### Task to complete
Make a verbatim copy of all the records. Skip every image.

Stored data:
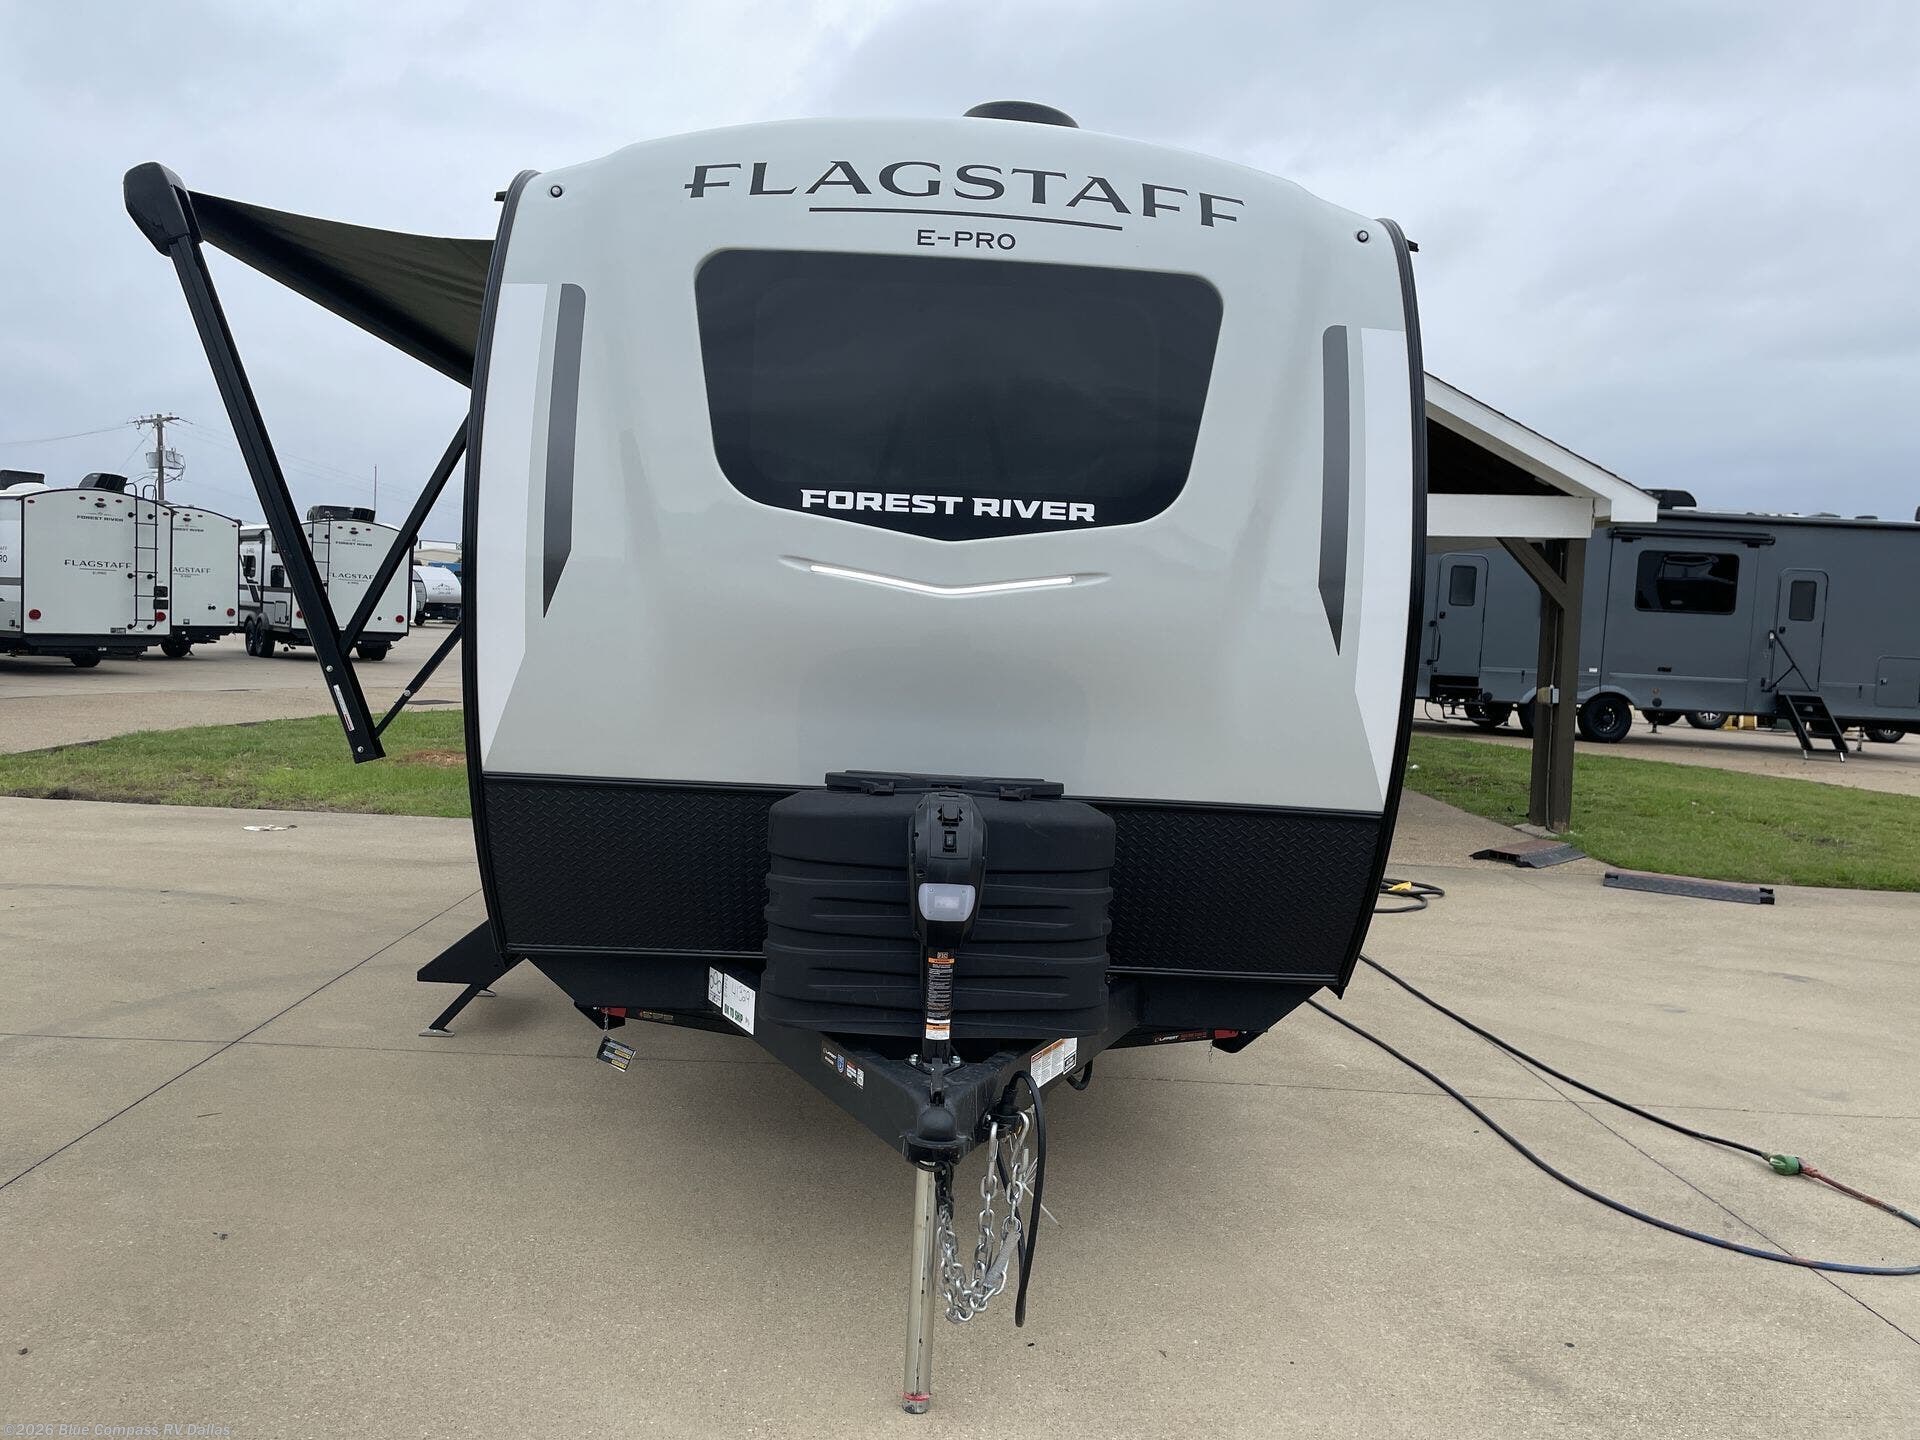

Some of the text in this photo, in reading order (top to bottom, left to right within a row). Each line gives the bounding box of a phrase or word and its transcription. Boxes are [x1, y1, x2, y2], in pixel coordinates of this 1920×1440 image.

[683, 160, 1245, 228] FLAGSTAFF
[916, 229, 1017, 251] E-PRO
[800, 489, 1096, 522] FOREST RIVER
[64, 559, 133, 569] FLAGSTAFF
[173, 566, 212, 574] AGSTAFF
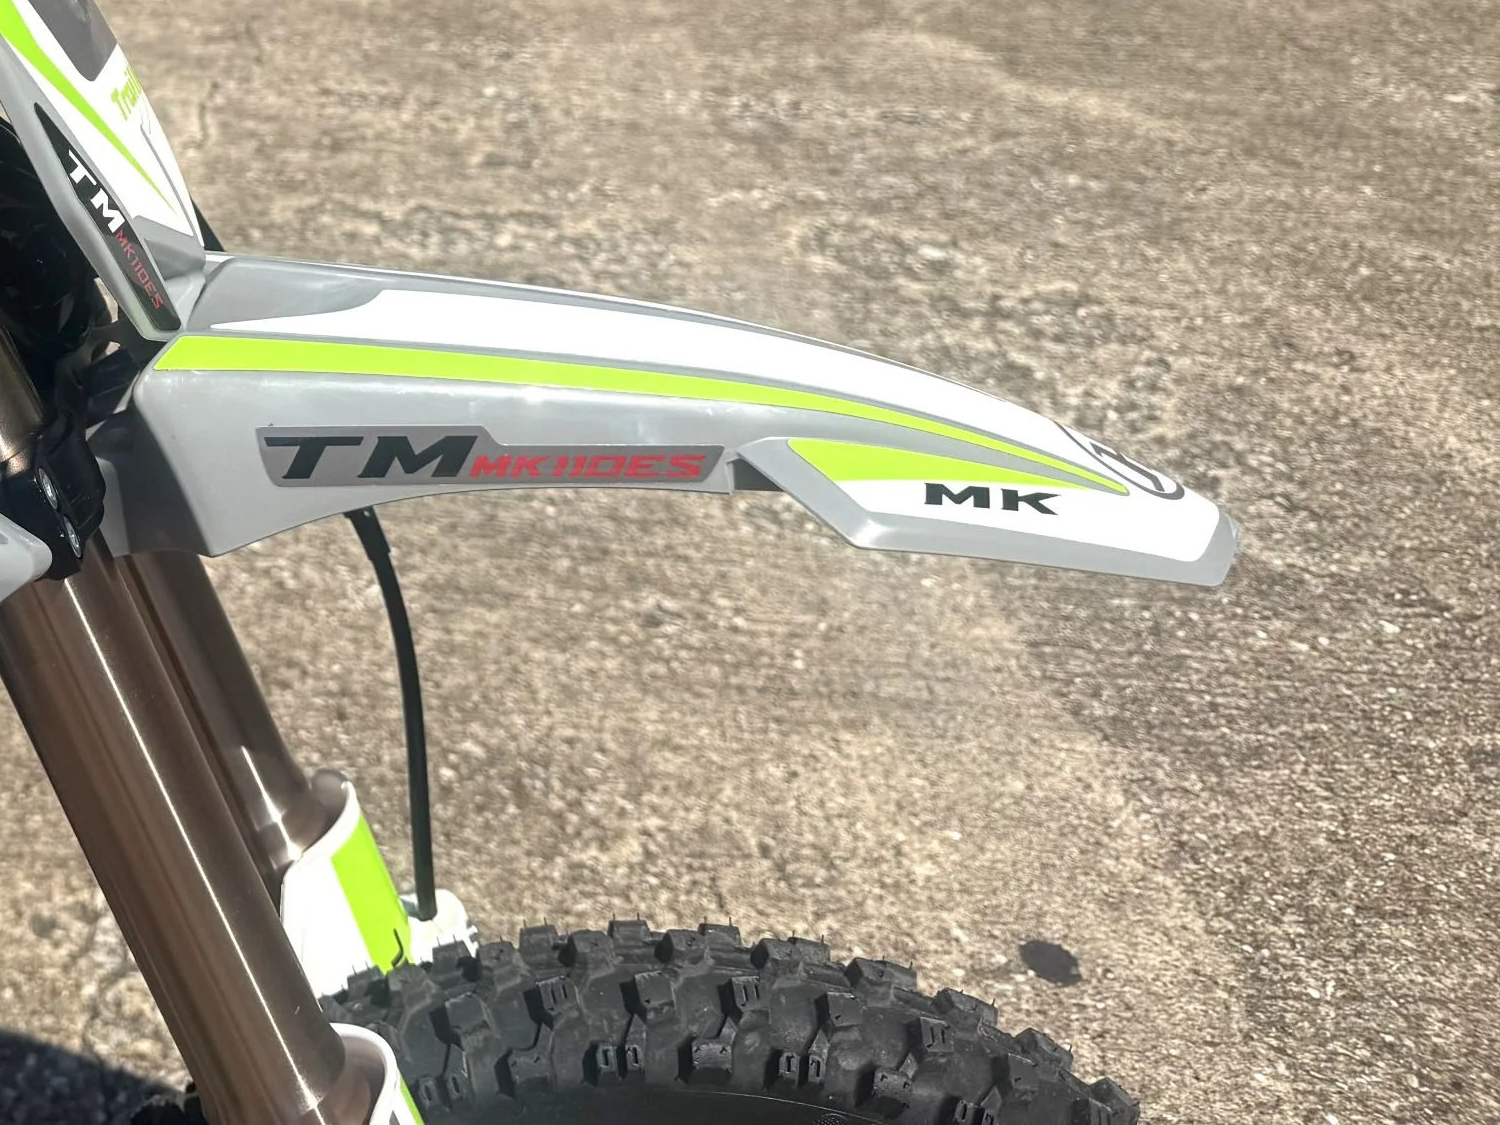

### Written solution
Some of the text in this photo, in reading order (top to bottom, left to right within a row). Each line gives the bounding box of a phrase or word and its transcription. Boxes are [x1, y1, x2, y2], in pixel coordinates of this 1920×1440 image.

[683, 160, 1245, 228] FLAGSTAFF
[916, 229, 1017, 251] E-PRO
[800, 489, 1096, 522] FOREST RIVER
[64, 559, 133, 569] FLAGSTAFF
[173, 566, 212, 574] AGSTAFF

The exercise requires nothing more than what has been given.